I like the word pocket. It sounds a little safely
dangerous. Like knowing you once
bought a headlamp in case the lights go out
in a catastrophe. You will put it on your head
and your hands will still be free. Or
standing in a forest and staring at a picture
in a plant book while eating scary looking wild flowers.
Saying pocket makes me feel potentially
but not yet busy. I am getting ready to have
important thoughts. I am thinking about my pocket.
Which has its own particular geology.
Maybe you know what I mean. I mean
I basically know what’s in there and can even
list the items but also there are other bits
and pieces made of stuff that might not
even have a name.

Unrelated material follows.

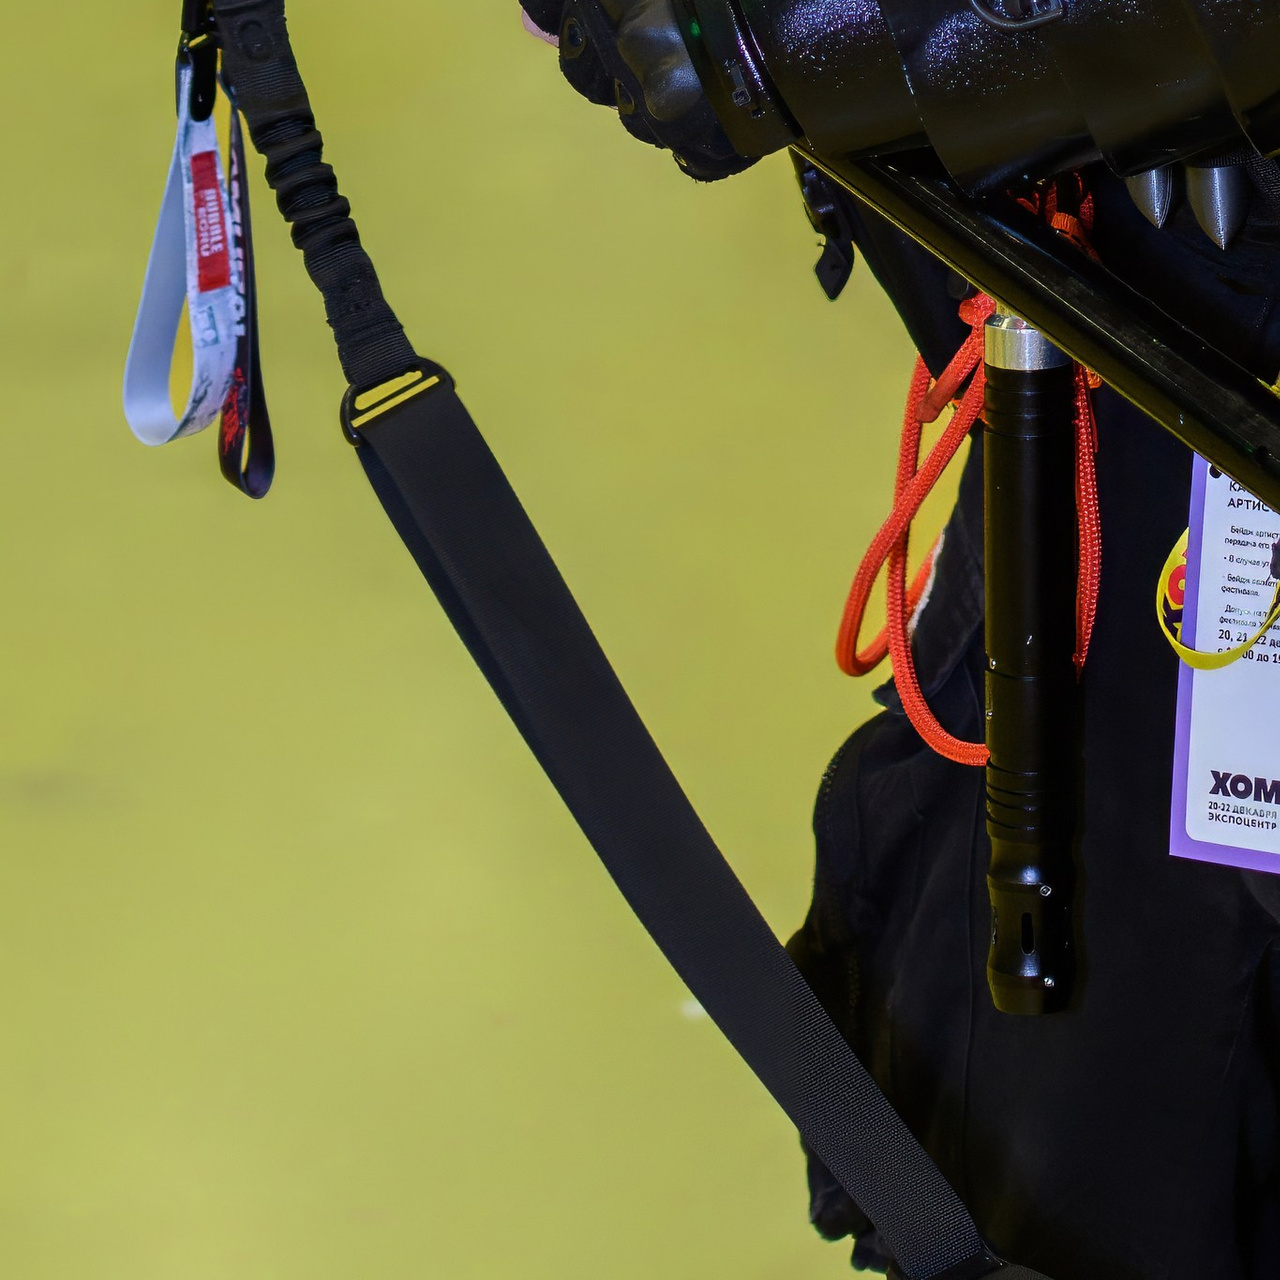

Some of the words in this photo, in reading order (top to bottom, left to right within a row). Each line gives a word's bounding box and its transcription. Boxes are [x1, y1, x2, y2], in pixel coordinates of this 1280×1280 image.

Only a scientist could figure
it out. And why would a scientist do that?
He or she should be curing brain diseases
or making sure that asteroid doesn’t hit us.
Look out scientists! Today the unemployment rate
is 9.4%. I have no idea what that means. I tried
to think about it harder for a while. Then
tried standing in an actual stance of mystery
and not knowing towards the world.
Which is my job. As is staring at the back yard
and for one second believing I am actually
rising away from myself. Which is maybe
what I have in common right now with you.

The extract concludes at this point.